Malattia pneumococcica invasiva. 17.700 i casi confermati nell’Ue. Il report Ecdc 2022

Malattia pneumococcica invasiva. 17.700 i casi confermati nell’Ue. Il report Ecdc 2022
I tassi più elevati sono stati segnalati nei neonati di età inferiore a un anno e negli adulti di età pari o superiore a 65 anni con valori più elevati segnalati nei maschi rispetto alle femmine in tutte le fasce d’età.

Nel 2022, sono stati segnalati 17.700 casi confermati di malattia pneumococcica invasiva (IPD) nell’Unione Europea/Spazio economico europeo. Il tasso di notifica grezzo è stato di 5,1 casi ogni 100mila abitanti, simile al 2018 e al 2019.I tassi specifici per età sono stati più elevati nei neonati di età inferiore a un anno (13,4 casi confermati ogni 100mila abitanti) e negli adulti di età pari o superiore a 65 anni (12,6 casi confermati ogni 100mila abitanti), con tassi più elevati segnalati nei maschi rispetto alle femmine in tutte le fasce d’età.

Questo il quadro tracciato dal Rapporto epidemiologico annuale per il 2022 dell’Ecdc.

Le malattie pneumococciche, ricorda l’Ecdc, sono infezioni sintomatiche causate dal batterio Streptococcus pneumoniae (S. pneumoniae), comunemente chiamato pneumococco. Il termine “malattia pneumococcica invasiva” (IPD) è utilizzato per le infezioni pneumococciche più gravi e invasive, come batteriemia, sepsi, meningite e osteomielite.

Le infezioni pneumococciche e l’IPD sono le principali cause di morbilità e mortalità da malattie trasmissibili in Europa e nel mondo, con il maggior carico di malattia nei bambini piccoli e negli anziani. Un’ampia percentuale di IPD è prevenibile con il vaccino. La S. pneumoniae è classificata in sierotipi in base agli antigeni della capsula polisaccaridica. Sono noti più di 90 sierotipi immunologicamente distinti e i sierotipi strutturalmente correlati sono raggruppati ed etichettati in ordine alfabetico (ad esempio, 6A, 6B).

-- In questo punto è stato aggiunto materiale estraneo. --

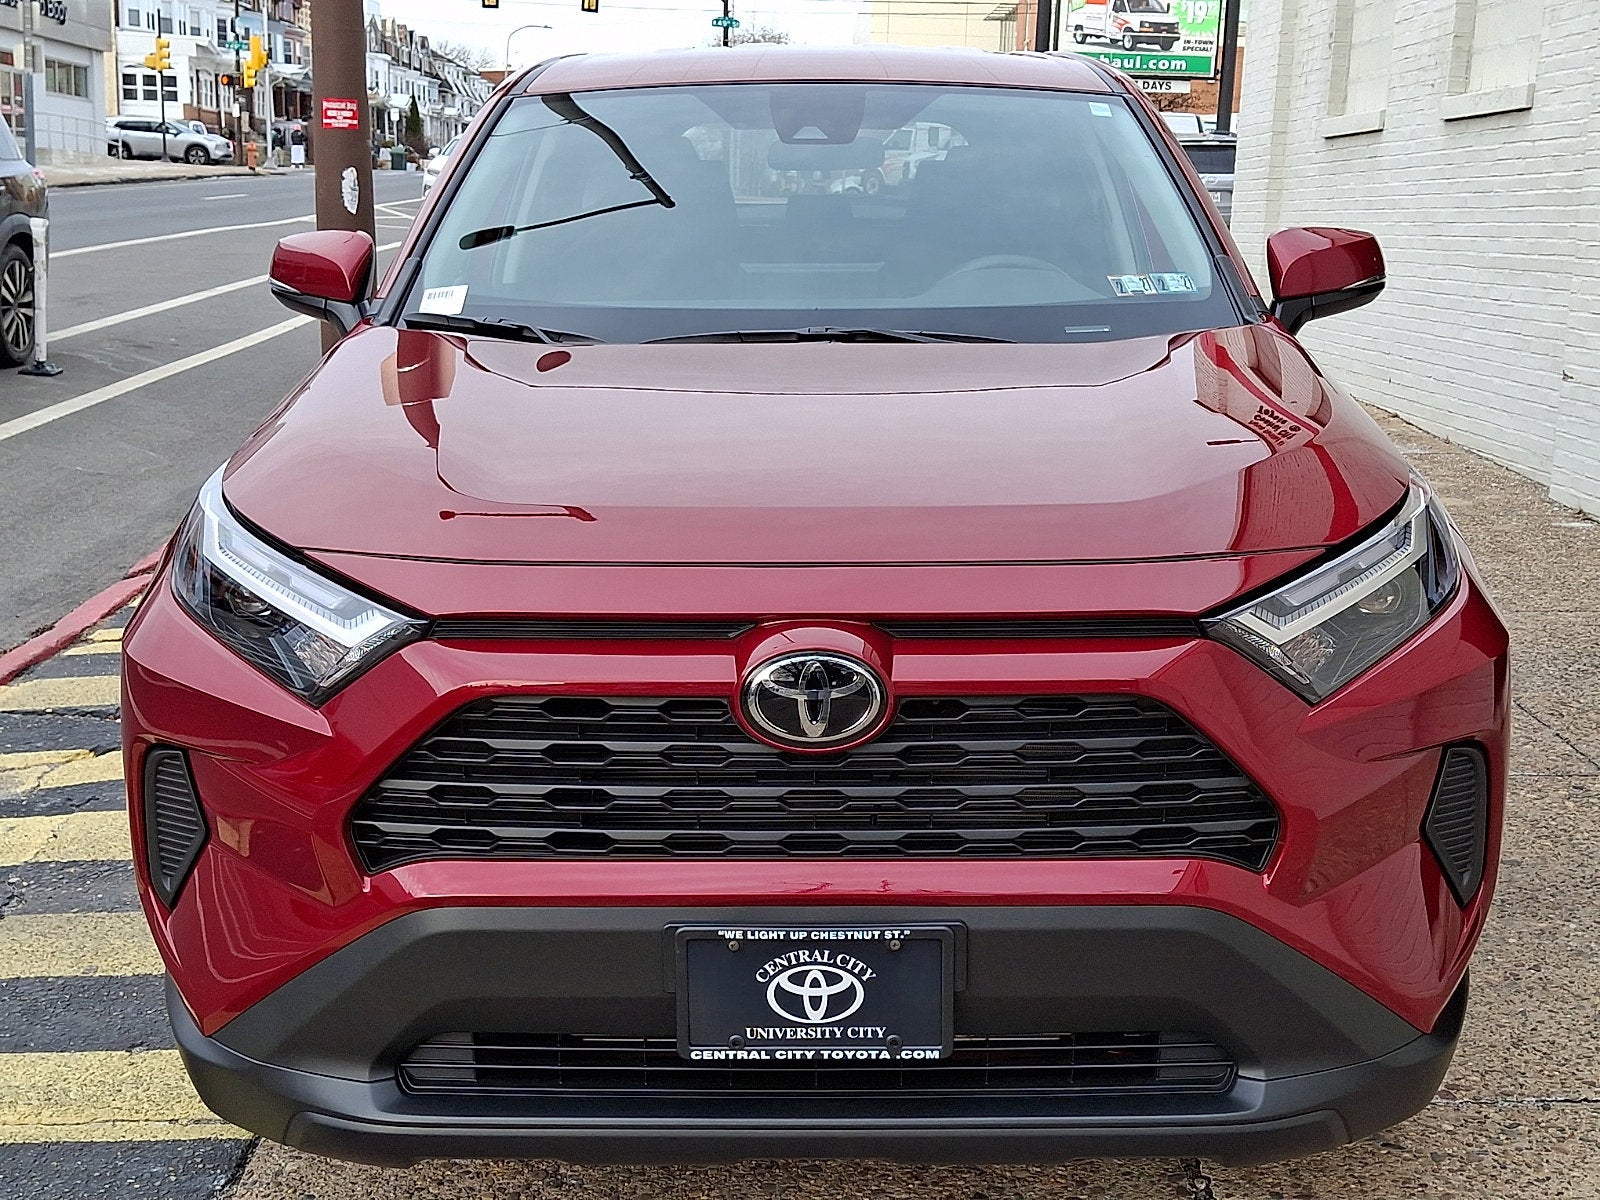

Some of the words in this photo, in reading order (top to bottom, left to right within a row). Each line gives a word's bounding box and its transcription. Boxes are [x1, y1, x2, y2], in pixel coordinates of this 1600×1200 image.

Alcuni sierotipi possiedono proprietà epidemiologiche distinte e alcuni sierotipi sono più comuni di altri.

I diversi sierotipi sono coperti da diversi vaccini e le raccomandazioni sui gruppi di età ai quali sono destinati e sul loro utilizzo variano tra i Paesi dell’Unione Europea e dello Spazio Economico Europeo.

Nel 2022 i sierotipi più comuni sono stati 3, 8, 19A, 22F, 6C, 23B, 9N, 4, 23A 11A e 15A (in ordine di frequenza decrescente), che rappresentano il 73,9% degli isolati tipizzati. Dei casi di età inferiore ai cinque anni per i quali erano disponibili informazioni sul sierotipo, circa il 46% era causato da un sierotipo incluso nel vaccino pneumococcico coniugato 13-valente (PCV13). Una percentuale aumentata negli ultimi cinque anni.

Tra le persone di età pari o superiore a 65 anni, circa il 71% dei casi con informazioni sul sierotipo disponibili era causato da sierotipi inclusi nel vaccino polisaccaridico 23-valente.